Nothing but the exact text of the entries should appear in your answer; pictures stay out.

Excerpted data ▸
>>>
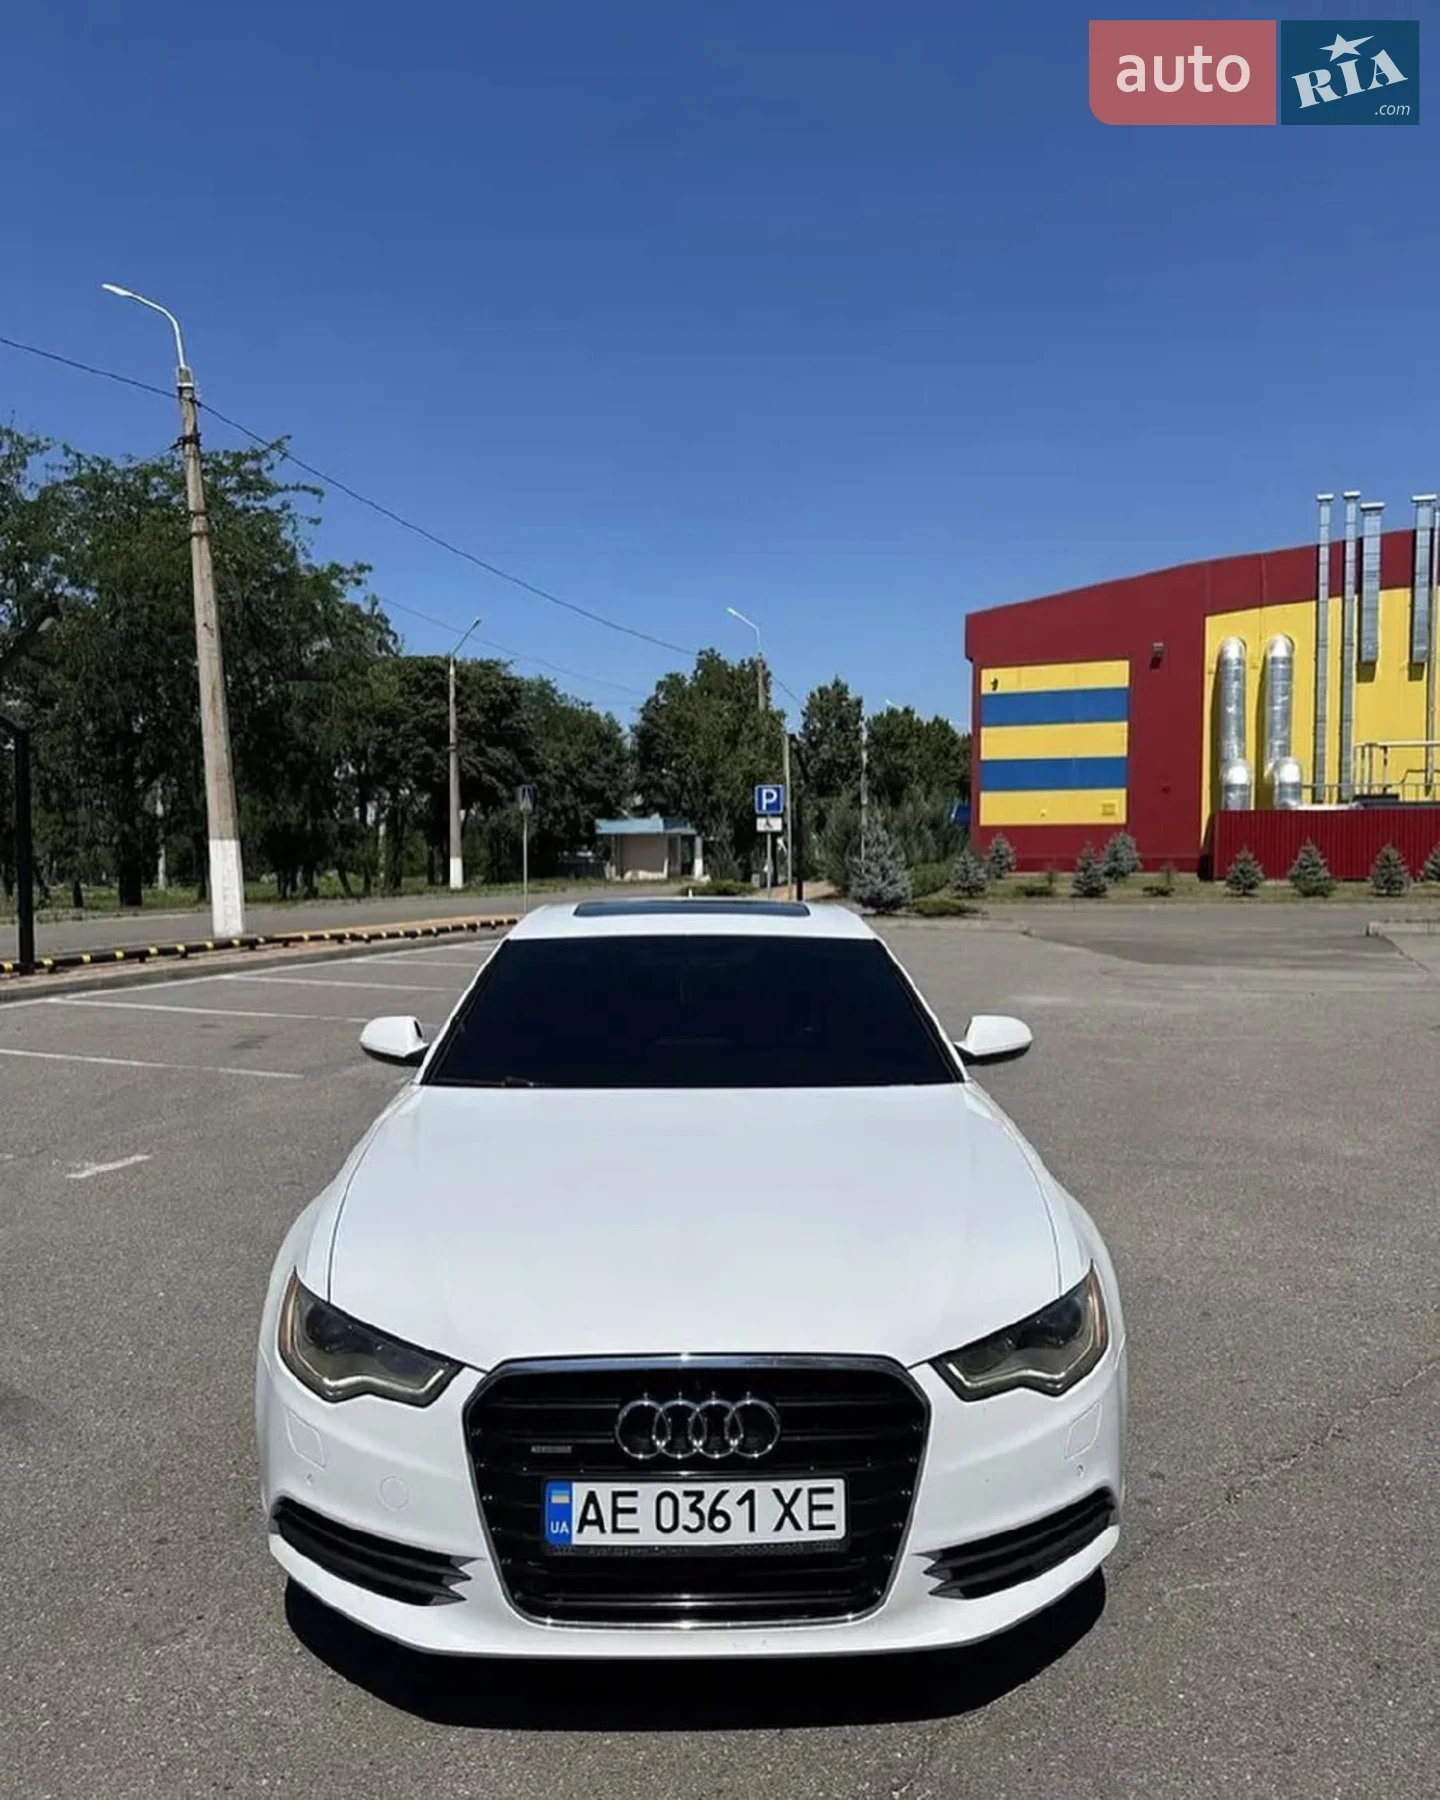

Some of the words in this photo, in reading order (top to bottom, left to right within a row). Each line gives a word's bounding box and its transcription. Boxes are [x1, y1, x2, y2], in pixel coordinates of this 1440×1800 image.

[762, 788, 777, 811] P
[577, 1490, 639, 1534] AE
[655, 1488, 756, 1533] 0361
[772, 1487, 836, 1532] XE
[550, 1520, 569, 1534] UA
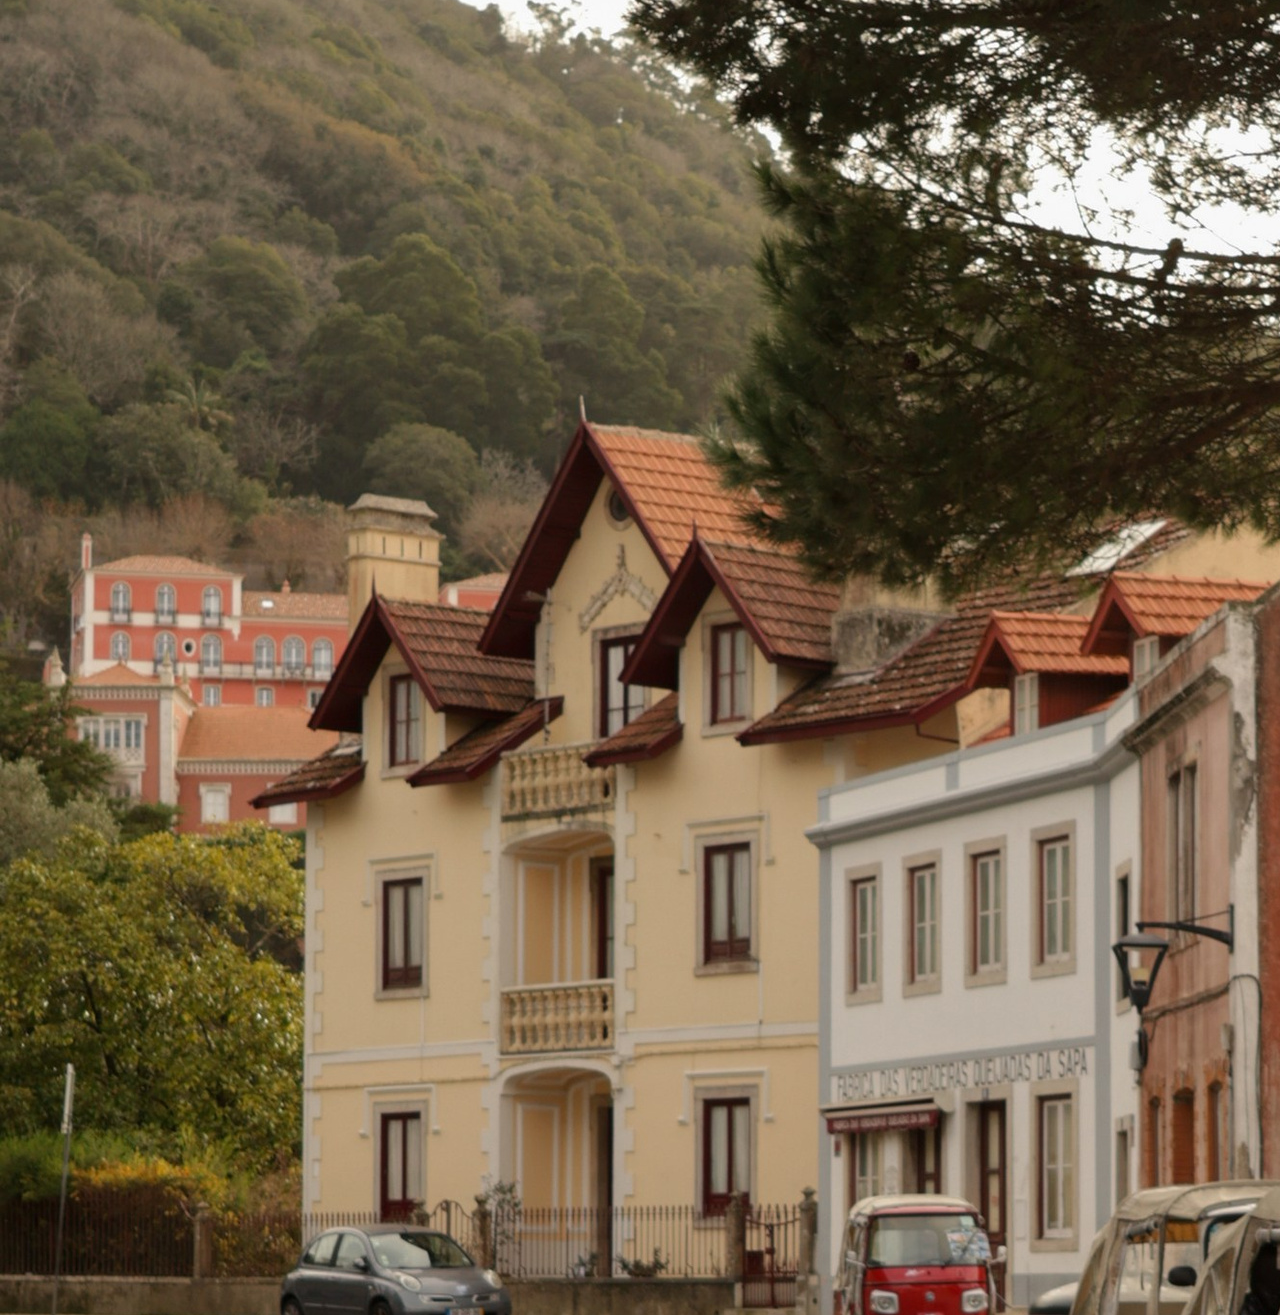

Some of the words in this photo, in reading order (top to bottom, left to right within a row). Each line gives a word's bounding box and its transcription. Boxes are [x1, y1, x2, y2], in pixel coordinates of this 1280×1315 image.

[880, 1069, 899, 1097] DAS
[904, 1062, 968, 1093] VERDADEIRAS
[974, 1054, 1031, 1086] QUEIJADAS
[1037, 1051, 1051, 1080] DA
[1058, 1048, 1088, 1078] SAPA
<<<
Response area ▸
Some of the words in this photo, in reading order (top to bottom, left to right within a row). Each line gives a word's bounding box and its transcription. Boxes are [x1, y1, x2, y2], in pixel coordinates of this 1440×1800 image.

[762, 788, 777, 811] P
[577, 1490, 639, 1534] AE
[655, 1488, 756, 1533] 0361
[772, 1487, 836, 1532] XE
[550, 1520, 569, 1534] UA

Some of the words in this photo, in reading order (top to bottom, left to right within a row). Each line gives a word's bounding box and its transcription. Boxes are [x1, y1, x2, y2], in pixel coordinates of this 1280×1315 image.

[880, 1069, 899, 1097] DAS
[904, 1062, 968, 1093] VERDADEIRAS
[974, 1054, 1031, 1086] QUEIJADAS
[1037, 1051, 1051, 1080] DA
[1058, 1048, 1088, 1078] SAPA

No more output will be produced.